=== What you are asked to do ===
Set down the entries below exactly, leaving out all images.

++++++++

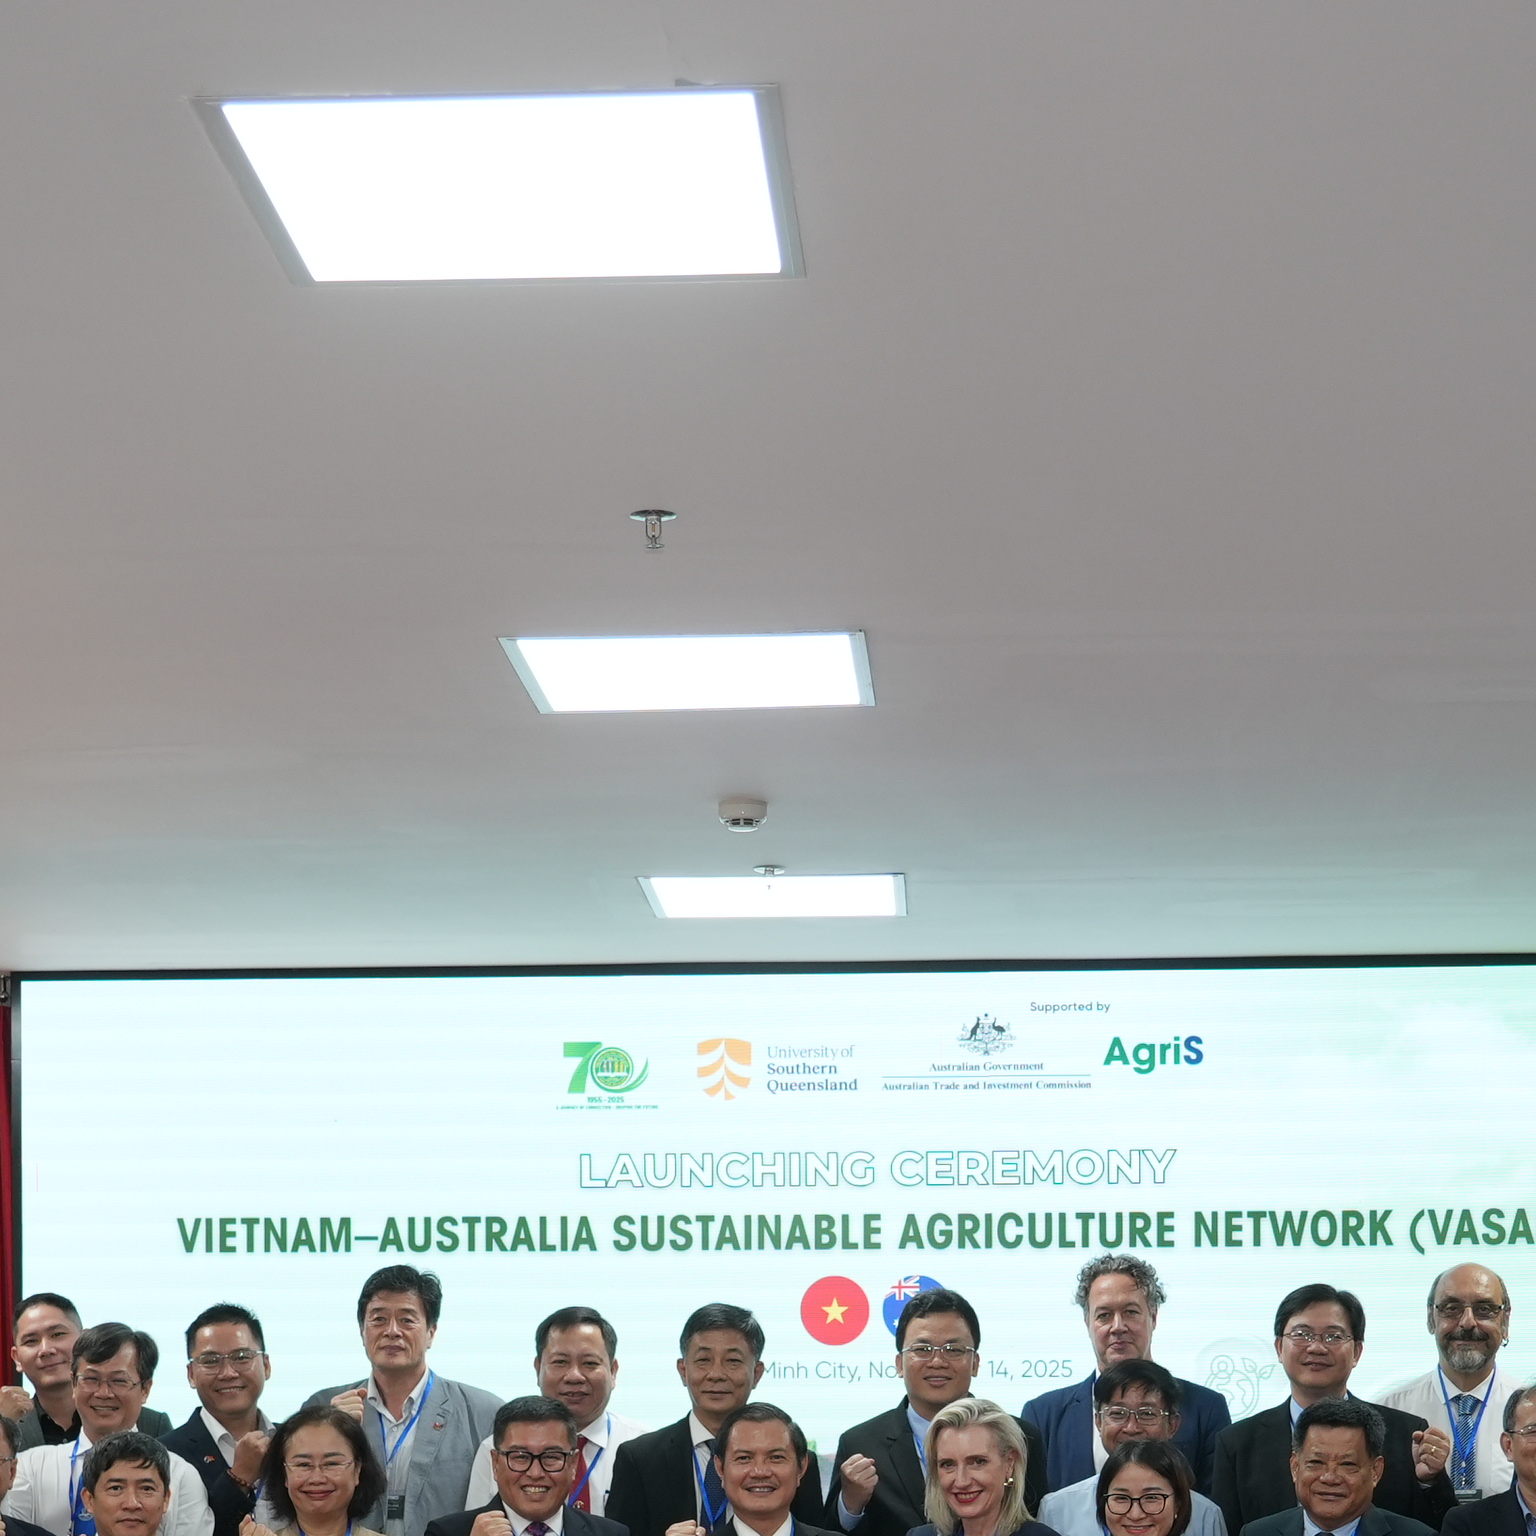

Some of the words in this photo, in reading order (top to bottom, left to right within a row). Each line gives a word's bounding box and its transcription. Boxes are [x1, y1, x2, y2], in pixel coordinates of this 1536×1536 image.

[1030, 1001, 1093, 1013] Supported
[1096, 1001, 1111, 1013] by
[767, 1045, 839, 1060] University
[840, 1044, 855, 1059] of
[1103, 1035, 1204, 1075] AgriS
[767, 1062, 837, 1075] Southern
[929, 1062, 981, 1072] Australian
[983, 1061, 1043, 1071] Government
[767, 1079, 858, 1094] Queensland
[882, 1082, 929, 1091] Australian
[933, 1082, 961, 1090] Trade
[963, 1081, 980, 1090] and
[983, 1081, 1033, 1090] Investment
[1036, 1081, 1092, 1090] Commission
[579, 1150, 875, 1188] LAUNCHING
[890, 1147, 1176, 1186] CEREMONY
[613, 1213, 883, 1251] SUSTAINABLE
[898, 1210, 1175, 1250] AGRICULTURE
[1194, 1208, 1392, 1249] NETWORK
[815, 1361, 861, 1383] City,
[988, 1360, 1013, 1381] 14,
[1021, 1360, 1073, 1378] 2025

++++++++

=== Output of the task ===
Some of the words in this photo, in reading order (top to bottom, left to right within a row). Each line gives a word's bounding box and its transcription. Boxes are [x1, y1, x2, y2], in pixel coordinates of this 1536×1536 image.

[1030, 1001, 1093, 1013] Supported
[1096, 1001, 1111, 1013] by
[767, 1045, 839, 1060] University
[840, 1044, 855, 1059] of
[1103, 1035, 1204, 1075] AgriS
[767, 1062, 837, 1075] Southern
[929, 1062, 981, 1072] Australian
[983, 1061, 1043, 1071] Government
[767, 1079, 858, 1094] Queensland
[882, 1082, 929, 1091] Australian
[933, 1082, 961, 1090] Trade
[963, 1081, 980, 1090] and
[983, 1081, 1033, 1090] Investment
[1036, 1081, 1092, 1090] Commission
[579, 1150, 875, 1188] LAUNCHING
[890, 1147, 1176, 1186] CEREMONY
[613, 1213, 883, 1251] SUSTAINABLE
[898, 1210, 1175, 1250] AGRICULTURE
[1194, 1208, 1392, 1249] NETWORK
[815, 1361, 861, 1383] City,
[988, 1360, 1013, 1381] 14,
[1021, 1360, 1073, 1378] 2025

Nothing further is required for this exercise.